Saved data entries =
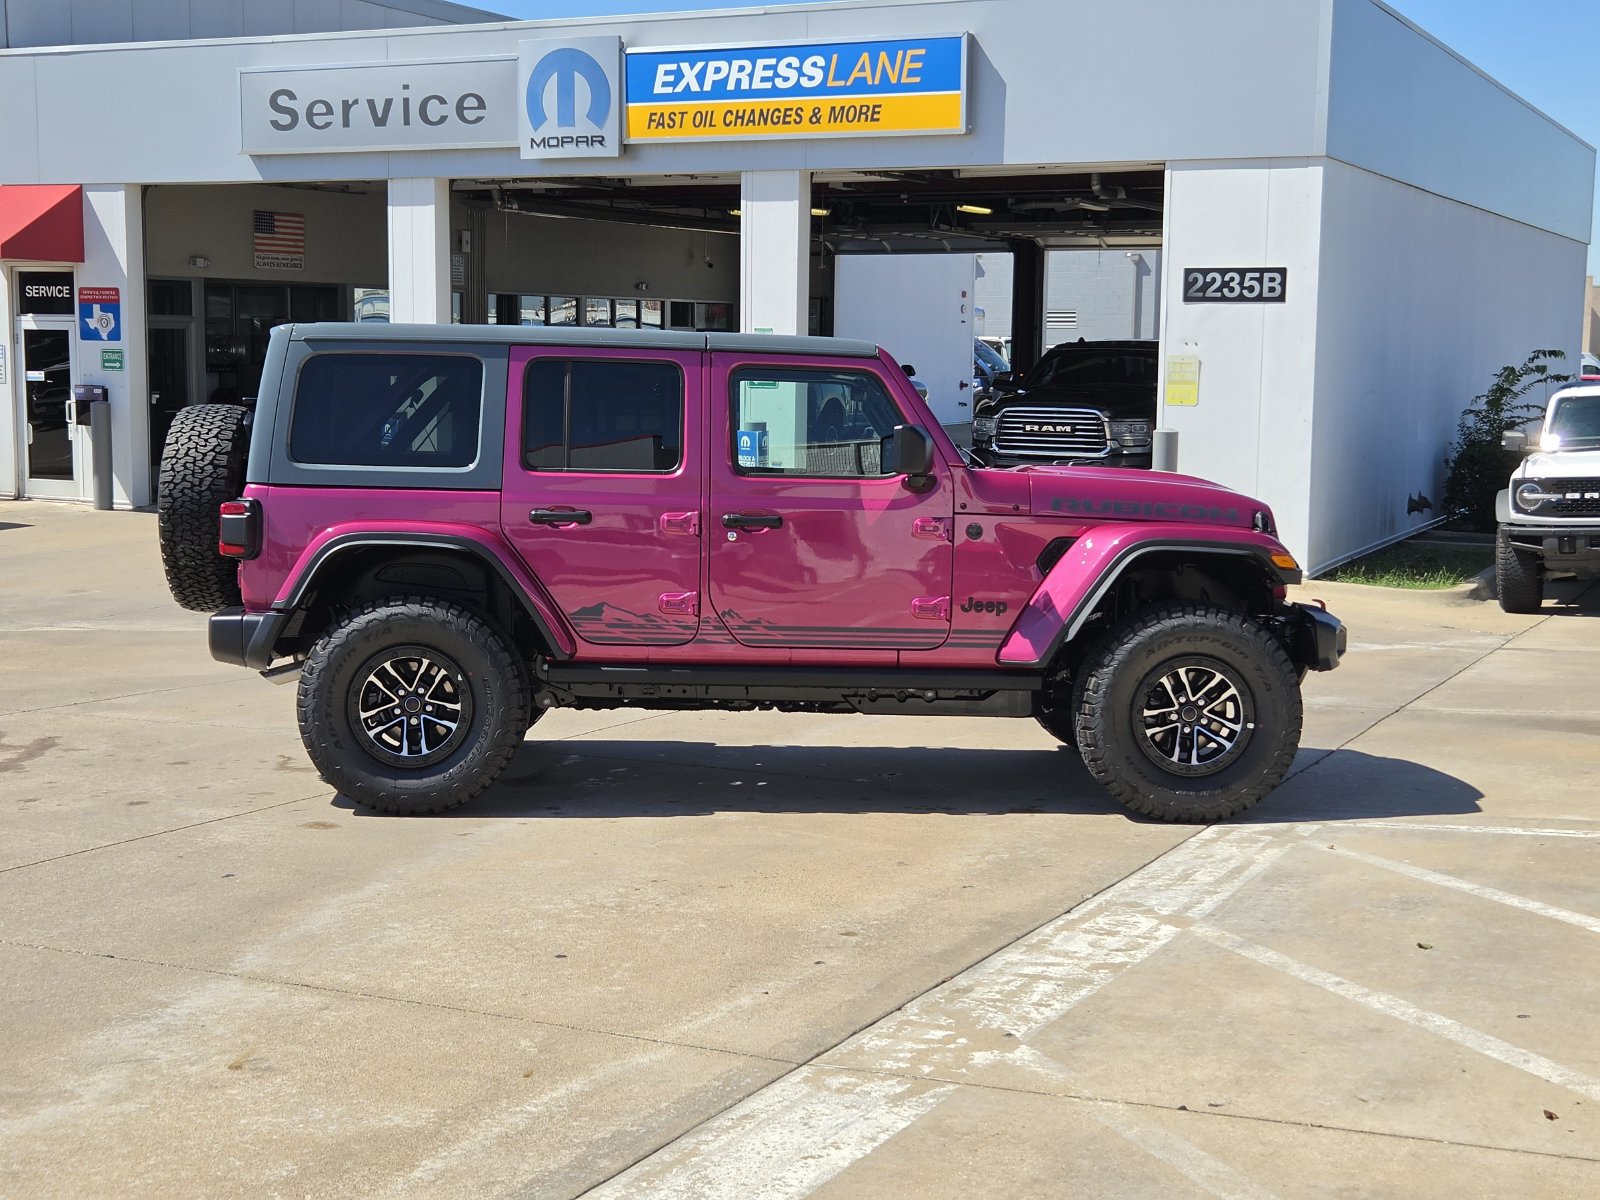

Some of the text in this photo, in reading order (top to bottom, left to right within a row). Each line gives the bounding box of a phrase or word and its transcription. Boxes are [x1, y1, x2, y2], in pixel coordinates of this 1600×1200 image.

[269, 84, 487, 132] Service
[647, 104, 882, 130] FAST OIL CHANGES & MORE
[530, 135, 606, 150] MOPAR
[25, 285, 71, 298] SERVICE
[1187, 271, 1283, 299] 2235B
[103, 352, 122, 360] ENTRANCE
[1025, 424, 1072, 433] RAM
[1051, 497, 1239, 522] RUBICON
[960, 596, 1008, 616] Jeep
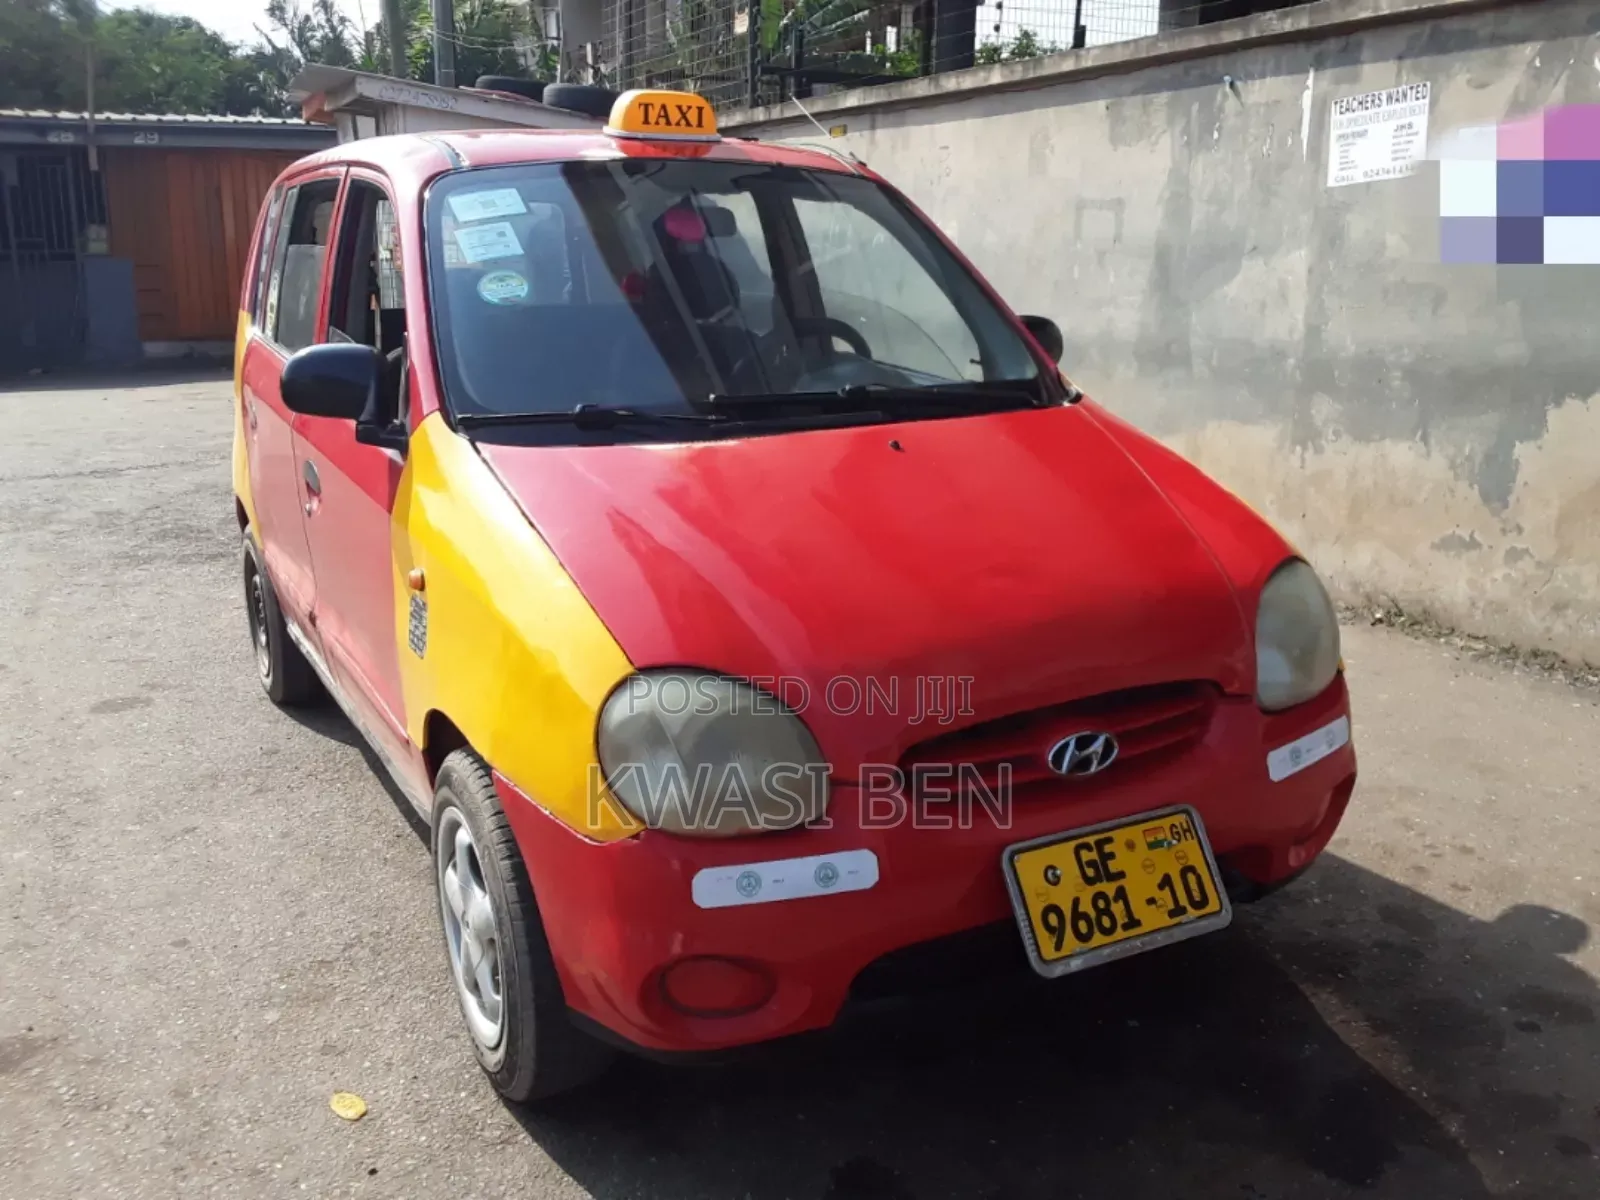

PROMPT = Copy the records exactly. Skip any pictures.

ANSWER AREA =
Some of the text in this photo, in reading order (top to bottom, left to right within a row). Each line gives the bounding box of a phrase or word and its transcription. Boxes are [x1, y1, x2, y2], in pixel coordinates of this 1600×1200 image.

[269, 84, 487, 132] Service
[647, 104, 882, 130] FAST OIL CHANGES & MORE
[530, 135, 606, 150] MOPAR
[25, 285, 71, 298] SERVICE
[1187, 271, 1283, 299] 2235B
[103, 352, 122, 360] ENTRANCE
[1025, 424, 1072, 433] RAM
[1051, 497, 1239, 522] RUBICON
[960, 596, 1008, 616] Jeep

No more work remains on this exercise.